== TASK BRIEF ==
Copy all the records exactly, but keep the pictures out of your version.

== DATA FOR ANALYSIS ==
[Start of section]

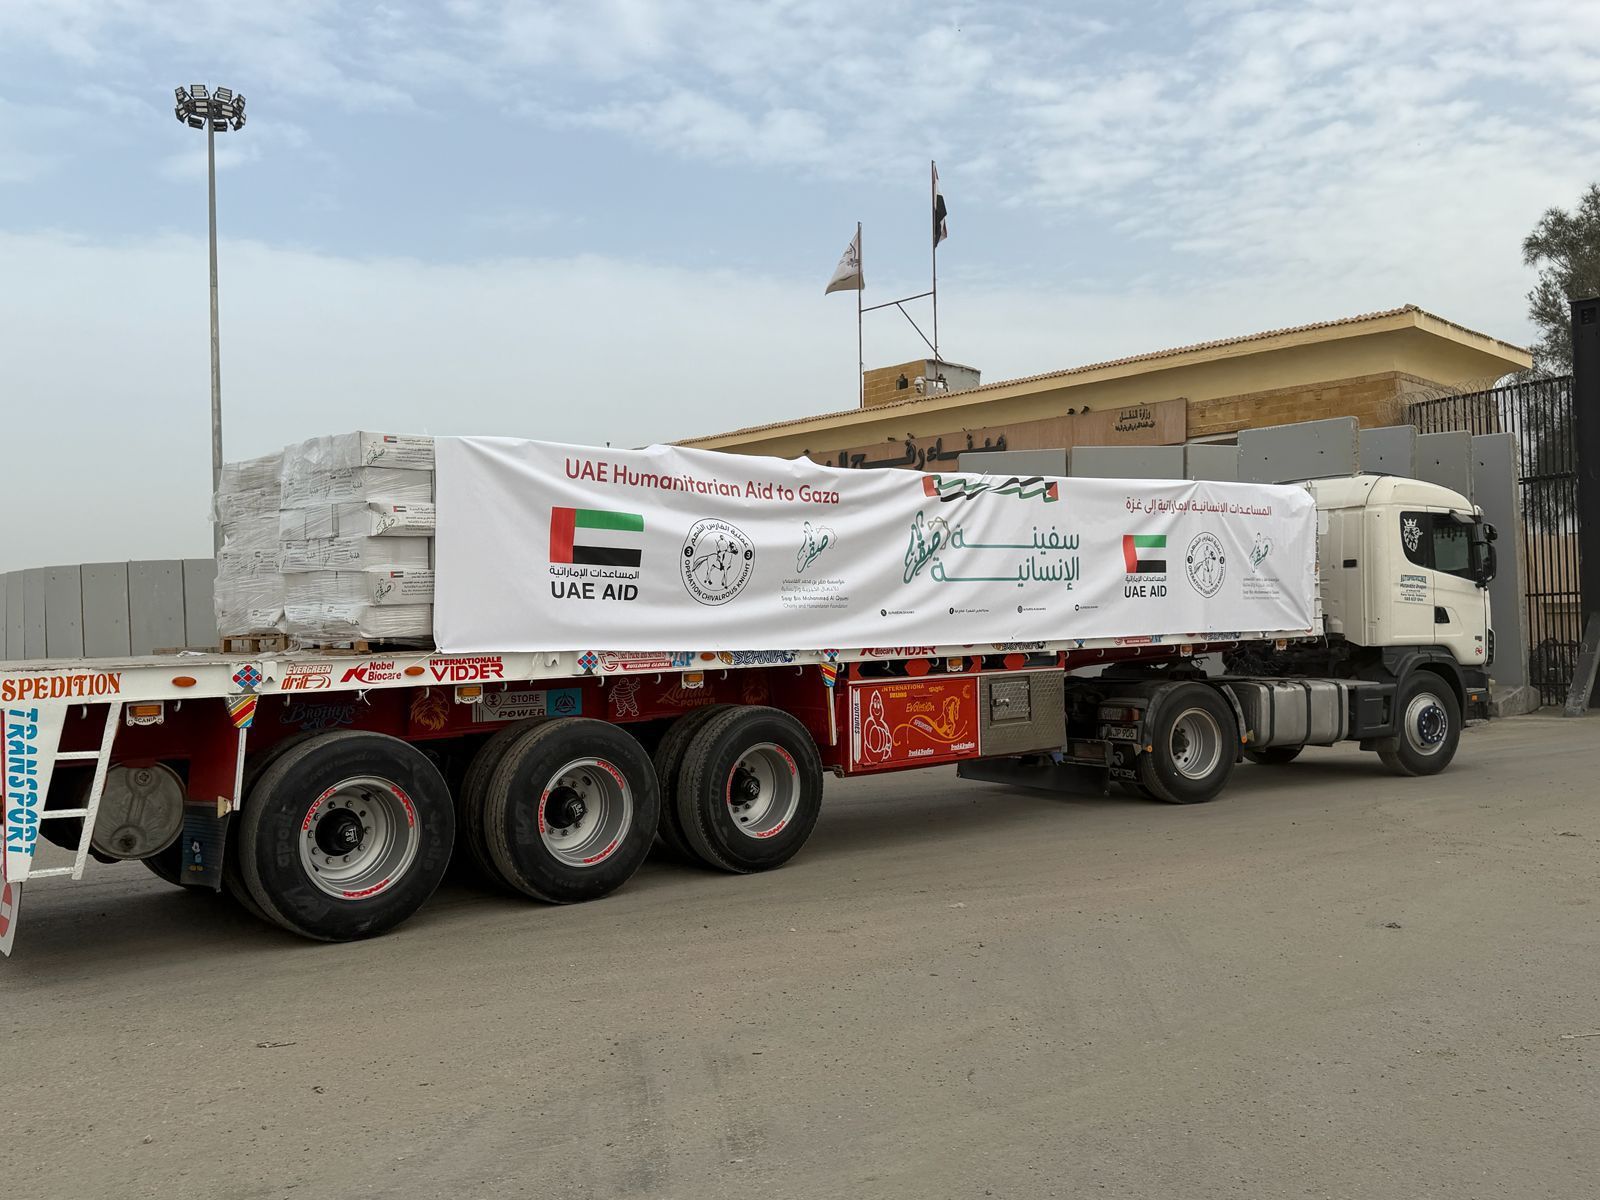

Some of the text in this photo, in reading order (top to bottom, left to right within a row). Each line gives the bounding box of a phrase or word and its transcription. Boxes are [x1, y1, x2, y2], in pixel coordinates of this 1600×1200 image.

[565, 458, 841, 505] UAE Humanitarian Aid to Gaza
[1126, 496, 1143, 513] غزة
[1144, 499, 1157, 516] إلى
[1192, 499, 1229, 517] الإنسانية
[1229, 503, 1272, 517] المساعدات
[706, 522, 730, 532] الفارس
[730, 528, 749, 549] عملية
[951, 524, 1080, 555] سفينة
[549, 566, 640, 580] المساعدات الإماراتية
[684, 559, 751, 602] OPERATION CHIVALROUS KNIGHT
[930, 555, 1080, 591] الإنسانية
[550, 580, 639, 602] UAE AID
[1124, 584, 1167, 599] UAE AID
[369, 661, 395, 672] Nobel
[429, 656, 503, 667] INTERNATIONALE
[281, 674, 310, 690] drift
[368, 671, 402, 682] Biocare
[2, 672, 122, 701] SPEDITION
[511, 694, 540, 703] STORE
[499, 708, 545, 719] POWER
[6, 707, 39, 857] TRANSPORT
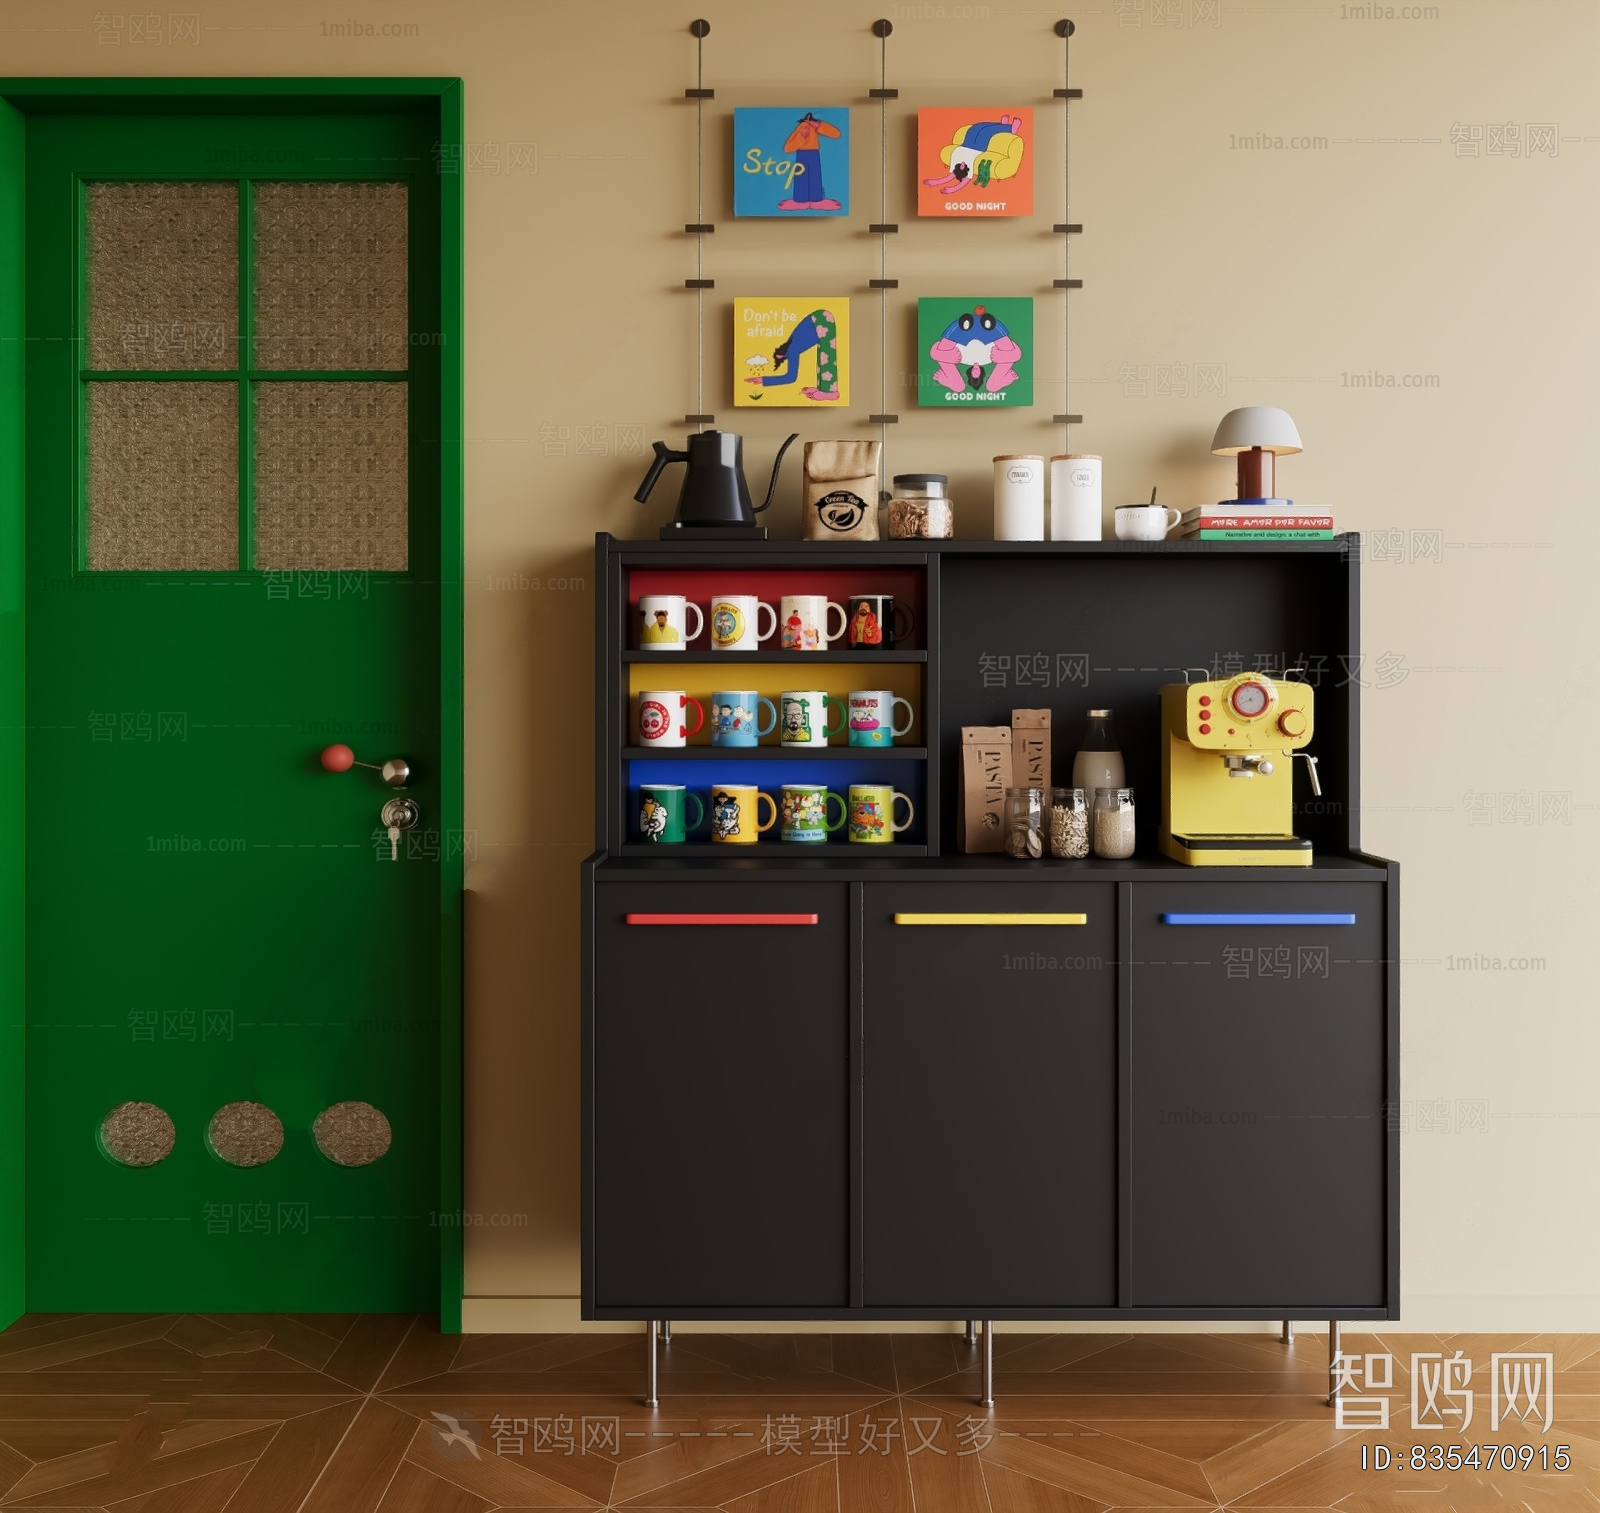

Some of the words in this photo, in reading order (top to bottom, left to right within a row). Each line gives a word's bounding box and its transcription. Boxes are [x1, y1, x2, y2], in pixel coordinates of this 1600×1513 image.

[742, 147, 806, 190] Stop
[945, 202, 974, 211] GOOD
[976, 202, 1007, 211] NIGHT
[743, 307, 779, 323] Don't
[782, 308, 797, 322] be
[747, 323, 784, 338] afraid
[945, 392, 974, 401] GOOD
[976, 392, 1007, 401] NIGHT
[1211, 518, 1239, 526] MORE
[1243, 518, 1273, 526] AMOR
[1298, 518, 1331, 526] FAVOR
[1028, 740, 1044, 787] PAST
[984, 751, 1004, 805] PASTA
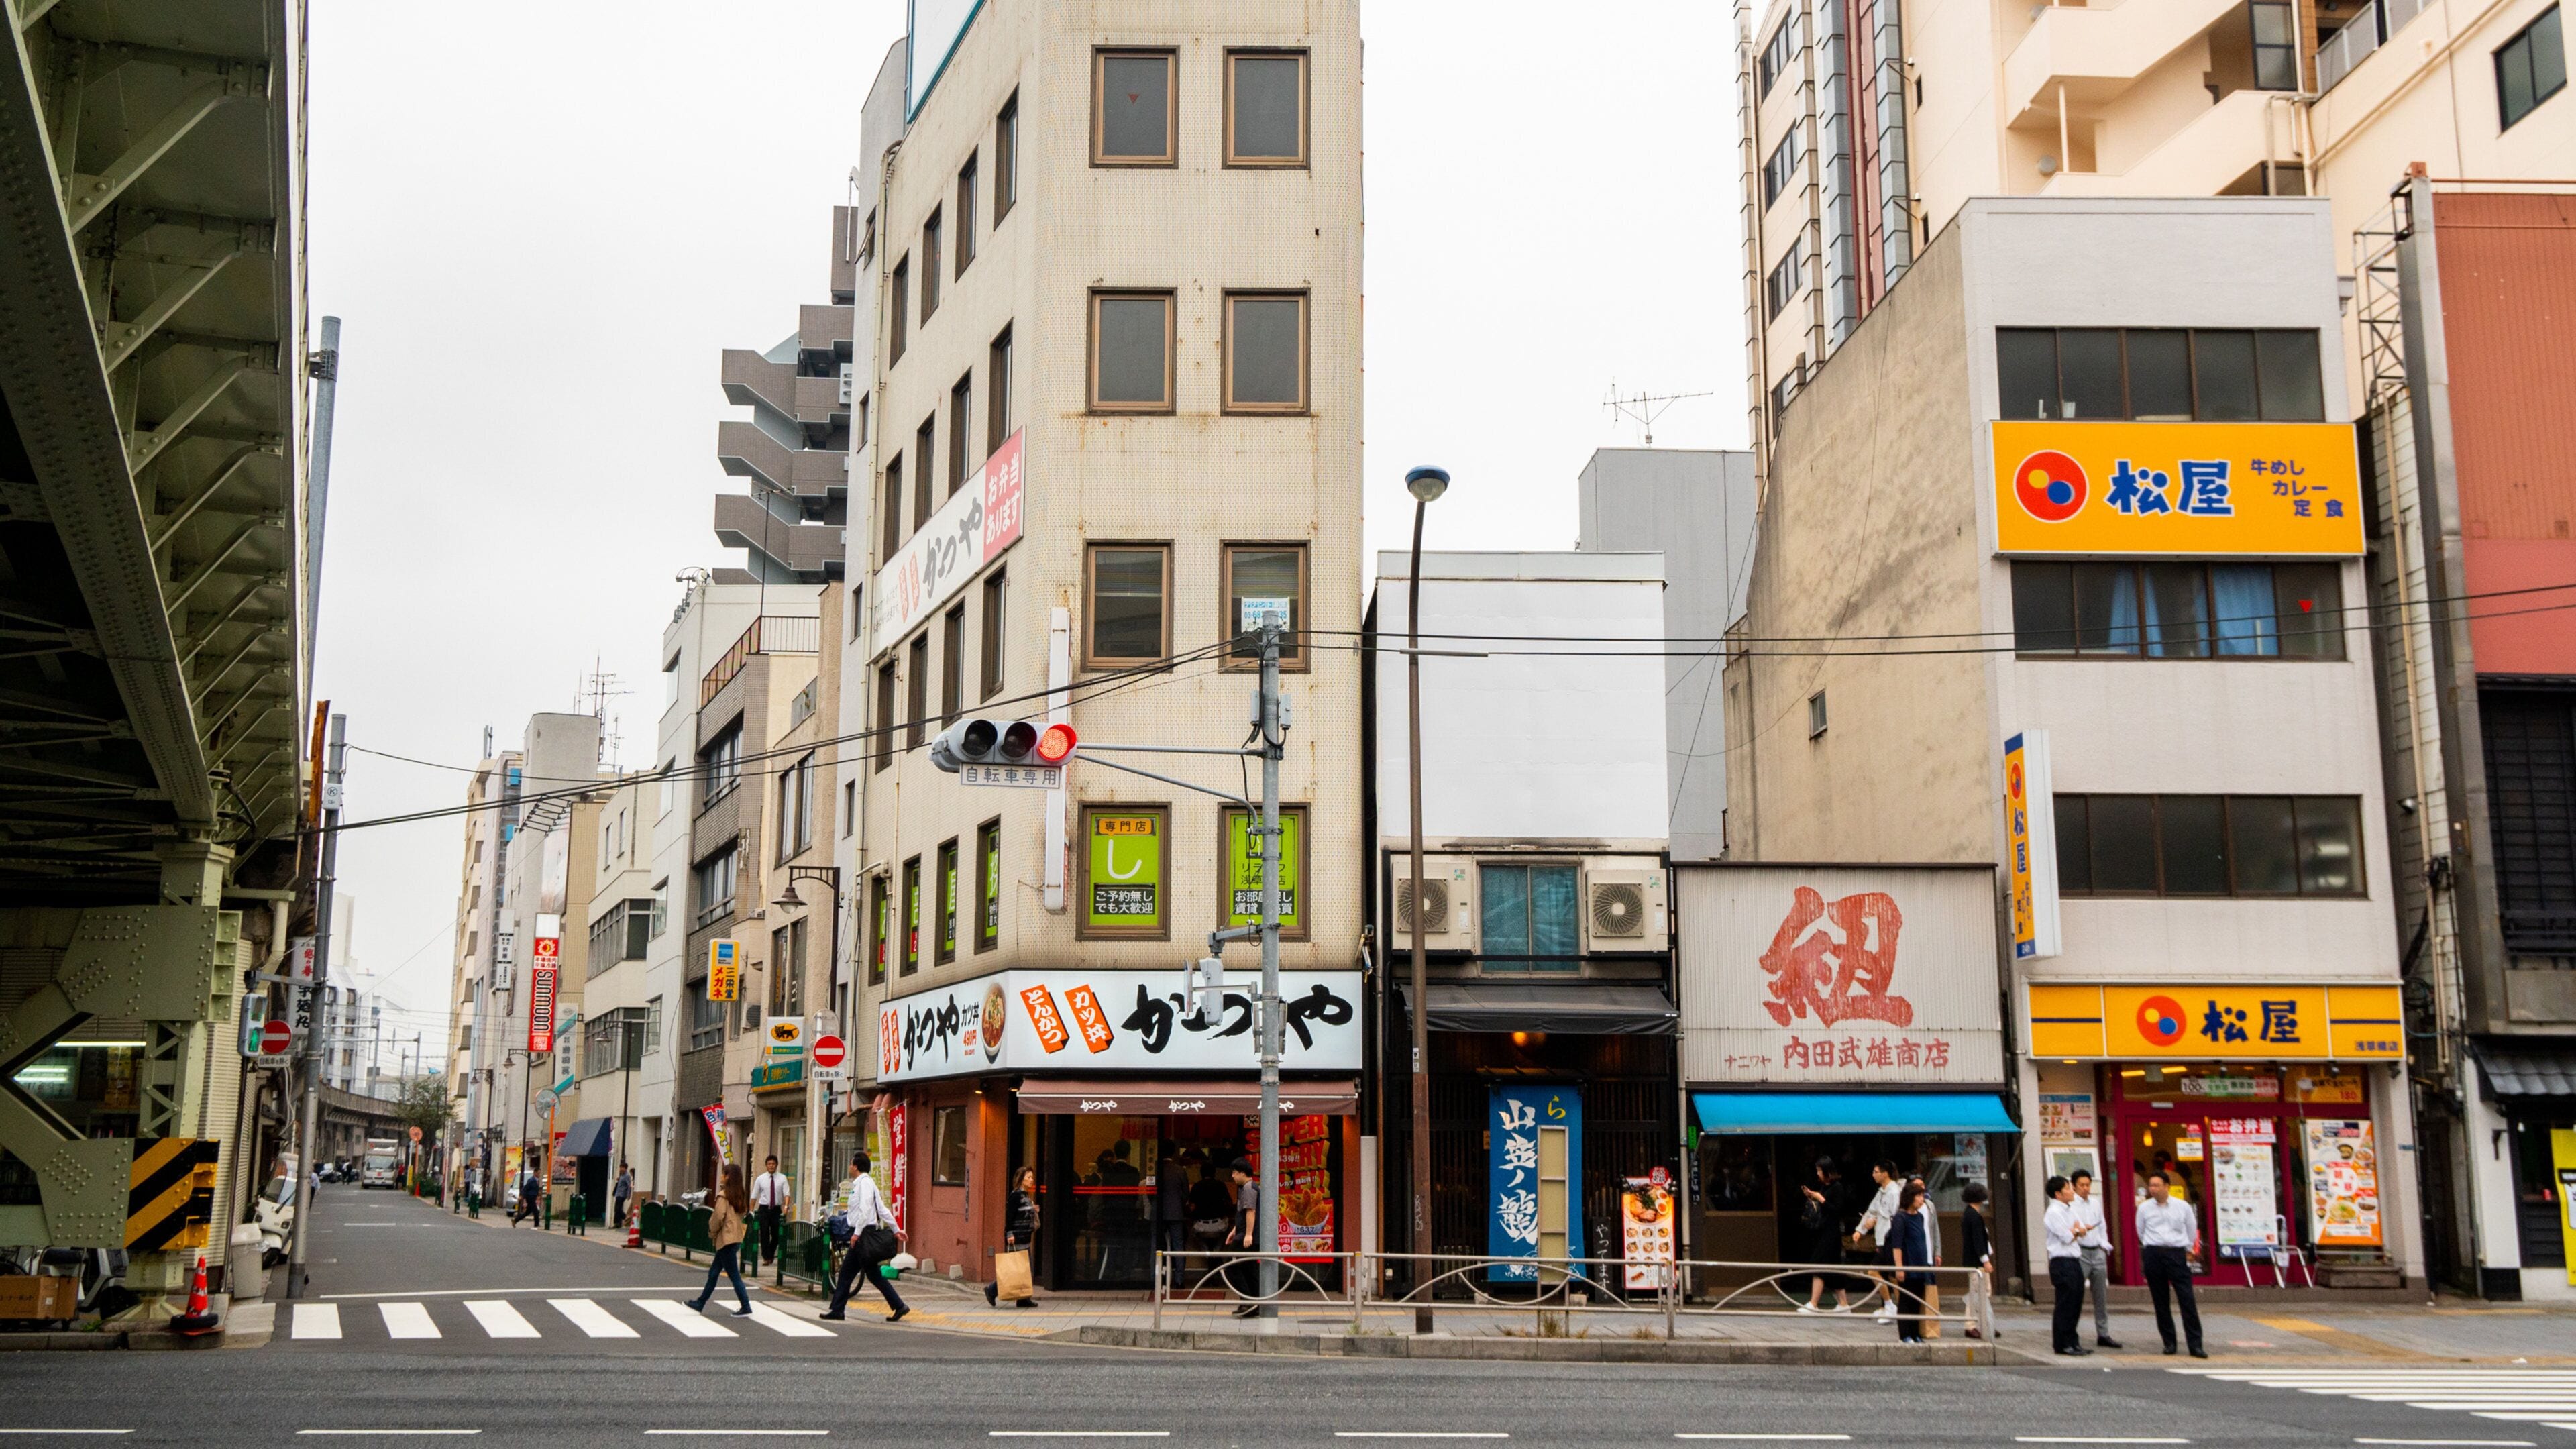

[End of section]

== TASK ANSWER ==
Some of the text in this photo, in reading order (top to bottom, left to right within a row). Each line gives the bounding box of a phrase or word and its transcription. Boxes are [x1, y1, x2, y2], in pixel coordinates of this 1600×1200 image.

[565, 458, 841, 505] UAE Humanitarian Aid to Gaza
[1126, 496, 1143, 513] غزة
[1144, 499, 1157, 516] إلى
[1192, 499, 1229, 517] الإنسانية
[1229, 503, 1272, 517] المساعدات
[706, 522, 730, 532] الفارس
[730, 528, 749, 549] عملية
[951, 524, 1080, 555] سفينة
[549, 566, 640, 580] المساعدات الإماراتية
[684, 559, 751, 602] OPERATION CHIVALROUS KNIGHT
[930, 555, 1080, 591] الإنسانية
[550, 580, 639, 602] UAE AID
[1124, 584, 1167, 599] UAE AID
[369, 661, 395, 672] Nobel
[429, 656, 503, 667] INTERNATIONALE
[281, 674, 310, 690] drift
[368, 671, 402, 682] Biocare
[2, 672, 122, 701] SPEDITION
[511, 694, 540, 703] STORE
[499, 708, 545, 719] POWER
[6, 707, 39, 857] TRANSPORT

Some of the words in this photo, in reading order (top to bottom, left to right within a row). Each line gives a word's bounding box and its transcription. Boxes are [x1, y1, x2, y2], in pixel coordinates of this 1600×1513 image.

[742, 147, 806, 190] Stop
[945, 202, 974, 211] GOOD
[976, 202, 1007, 211] NIGHT
[743, 307, 779, 323] Don't
[782, 308, 797, 322] be
[747, 323, 784, 338] afraid
[945, 392, 974, 401] GOOD
[976, 392, 1007, 401] NIGHT
[1211, 518, 1239, 526] MORE
[1243, 518, 1273, 526] AMOR
[1298, 518, 1331, 526] FAVOR
[1028, 740, 1044, 787] PAST
[984, 751, 1004, 805] PASTA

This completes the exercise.